The listing below is to be reproduced in full, exactly as given.

::::::::

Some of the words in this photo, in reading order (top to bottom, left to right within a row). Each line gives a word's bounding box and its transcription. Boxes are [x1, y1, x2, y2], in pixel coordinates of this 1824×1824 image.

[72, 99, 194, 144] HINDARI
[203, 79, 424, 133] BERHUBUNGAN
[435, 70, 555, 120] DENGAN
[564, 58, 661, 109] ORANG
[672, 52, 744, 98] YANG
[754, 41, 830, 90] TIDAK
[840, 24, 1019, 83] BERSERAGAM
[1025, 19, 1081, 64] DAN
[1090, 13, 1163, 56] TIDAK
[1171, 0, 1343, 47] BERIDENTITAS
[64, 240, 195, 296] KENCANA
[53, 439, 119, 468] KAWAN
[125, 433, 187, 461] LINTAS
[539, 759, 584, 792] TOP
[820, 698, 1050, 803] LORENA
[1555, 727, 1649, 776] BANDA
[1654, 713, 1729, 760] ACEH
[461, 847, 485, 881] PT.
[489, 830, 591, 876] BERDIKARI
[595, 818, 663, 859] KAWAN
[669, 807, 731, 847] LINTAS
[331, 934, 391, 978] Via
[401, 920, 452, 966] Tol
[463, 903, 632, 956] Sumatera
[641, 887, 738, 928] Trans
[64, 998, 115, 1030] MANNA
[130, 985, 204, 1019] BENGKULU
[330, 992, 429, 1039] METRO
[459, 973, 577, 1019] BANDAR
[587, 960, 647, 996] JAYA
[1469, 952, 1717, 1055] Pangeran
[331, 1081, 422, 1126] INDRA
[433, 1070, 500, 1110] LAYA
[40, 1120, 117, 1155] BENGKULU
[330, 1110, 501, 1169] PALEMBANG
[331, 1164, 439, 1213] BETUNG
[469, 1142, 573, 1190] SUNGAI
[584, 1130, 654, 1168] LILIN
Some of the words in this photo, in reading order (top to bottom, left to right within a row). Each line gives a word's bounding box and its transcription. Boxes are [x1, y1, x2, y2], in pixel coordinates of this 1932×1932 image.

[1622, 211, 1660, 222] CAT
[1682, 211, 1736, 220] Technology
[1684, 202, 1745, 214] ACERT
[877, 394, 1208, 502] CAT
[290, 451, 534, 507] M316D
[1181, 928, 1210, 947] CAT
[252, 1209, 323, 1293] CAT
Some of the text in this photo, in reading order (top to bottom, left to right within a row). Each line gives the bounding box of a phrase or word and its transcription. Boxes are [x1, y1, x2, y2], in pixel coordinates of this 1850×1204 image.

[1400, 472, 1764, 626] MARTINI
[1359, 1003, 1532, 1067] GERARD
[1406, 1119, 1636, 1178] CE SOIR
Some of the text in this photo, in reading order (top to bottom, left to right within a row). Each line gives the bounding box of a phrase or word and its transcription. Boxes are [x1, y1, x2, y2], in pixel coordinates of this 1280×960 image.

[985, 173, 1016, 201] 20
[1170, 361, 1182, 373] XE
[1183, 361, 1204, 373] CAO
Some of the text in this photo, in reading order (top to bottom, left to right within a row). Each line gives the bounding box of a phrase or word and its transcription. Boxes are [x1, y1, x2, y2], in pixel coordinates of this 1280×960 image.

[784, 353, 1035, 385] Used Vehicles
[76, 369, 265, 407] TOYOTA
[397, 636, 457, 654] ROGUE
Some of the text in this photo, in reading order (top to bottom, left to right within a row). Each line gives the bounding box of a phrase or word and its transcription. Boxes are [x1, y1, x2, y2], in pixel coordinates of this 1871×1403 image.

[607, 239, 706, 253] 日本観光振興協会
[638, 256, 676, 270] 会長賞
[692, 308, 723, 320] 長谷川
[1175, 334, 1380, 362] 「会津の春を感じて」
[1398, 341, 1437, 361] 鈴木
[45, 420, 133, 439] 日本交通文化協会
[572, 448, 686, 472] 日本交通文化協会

::::::::

REPLY TO THE EXERCISE:
Some of the words in this photo, in reading order (top to bottom, left to right within a row). Each line gives a word's bounding box and its transcription. Boxes are [x1, y1, x2, y2], in pixel coordinates of this 1824×1824 image.

[72, 99, 194, 144] HINDARI
[203, 79, 424, 133] BERHUBUNGAN
[435, 70, 555, 120] DENGAN
[564, 58, 661, 109] ORANG
[672, 52, 744, 98] YANG
[754, 41, 830, 90] TIDAK
[840, 24, 1019, 83] BERSERAGAM
[1025, 19, 1081, 64] DAN
[1090, 13, 1163, 56] TIDAK
[1171, 0, 1343, 47] BERIDENTITAS
[64, 240, 195, 296] KENCANA
[53, 439, 119, 468] KAWAN
[125, 433, 187, 461] LINTAS
[539, 759, 584, 792] TOP
[820, 698, 1050, 803] LORENA
[1555, 727, 1649, 776] BANDA
[1654, 713, 1729, 760] ACEH
[461, 847, 485, 881] PT.
[489, 830, 591, 876] BERDIKARI
[595, 818, 663, 859] KAWAN
[669, 807, 731, 847] LINTAS
[331, 934, 391, 978] Via
[401, 920, 452, 966] Tol
[463, 903, 632, 956] Sumatera
[641, 887, 738, 928] Trans
[64, 998, 115, 1030] MANNA
[130, 985, 204, 1019] BENGKULU
[330, 992, 429, 1039] METRO
[459, 973, 577, 1019] BANDAR
[587, 960, 647, 996] JAYA
[1469, 952, 1717, 1055] Pangeran
[331, 1081, 422, 1126] INDRA
[433, 1070, 500, 1110] LAYA
[40, 1120, 117, 1155] BENGKULU
[330, 1110, 501, 1169] PALEMBANG
[331, 1164, 439, 1213] BETUNG
[469, 1142, 573, 1190] SUNGAI
[584, 1130, 654, 1168] LILIN
Some of the words in this photo, in reading order (top to bottom, left to right within a row). Each line gives a word's bounding box and its transcription. Boxes are [x1, y1, x2, y2], in pixel coordinates of this 1932×1932 image.

[1622, 211, 1660, 222] CAT
[1682, 211, 1736, 220] Technology
[1684, 202, 1745, 214] ACERT
[877, 394, 1208, 502] CAT
[290, 451, 534, 507] M316D
[1181, 928, 1210, 947] CAT
[252, 1209, 323, 1293] CAT
Some of the text in this photo, in reading order (top to bottom, left to right within a row). Each line gives the bounding box of a phrase or word and its transcription. Boxes are [x1, y1, x2, y2], in pixel coordinates of this 1850×1204 image.

[1400, 472, 1764, 626] MARTINI
[1359, 1003, 1532, 1067] GERARD
[1406, 1119, 1636, 1178] CE SOIR
Some of the text in this photo, in reading order (top to bottom, left to right within a row). Each line gives the bounding box of a phrase or word and its transcription. Boxes are [x1, y1, x2, y2], in pixel coordinates of this 1280×960 image.

[985, 173, 1016, 201] 20
[1170, 361, 1182, 373] XE
[1183, 361, 1204, 373] CAO
Some of the text in this photo, in reading order (top to bottom, left to right within a row). Each line gives the bounding box of a phrase or word and its transcription. Boxes are [x1, y1, x2, y2], in pixel coordinates of this 1280×960 image.

[784, 353, 1035, 385] Used Vehicles
[76, 369, 265, 407] TOYOTA
[397, 636, 457, 654] ROGUE
Some of the text in this photo, in reading order (top to bottom, left to right within a row). Each line gives the bounding box of a phrase or word and its transcription. Boxes are [x1, y1, x2, y2], in pixel coordinates of this 1871×1403 image.

[607, 239, 706, 253] 日本観光振興協会
[638, 256, 676, 270] 会長賞
[692, 308, 723, 320] 長谷川
[1175, 334, 1380, 362] 「会津の春を感じて」
[1398, 341, 1437, 361] 鈴木
[45, 420, 133, 439] 日本交通文化協会
[572, 448, 686, 472] 日本交通文化協会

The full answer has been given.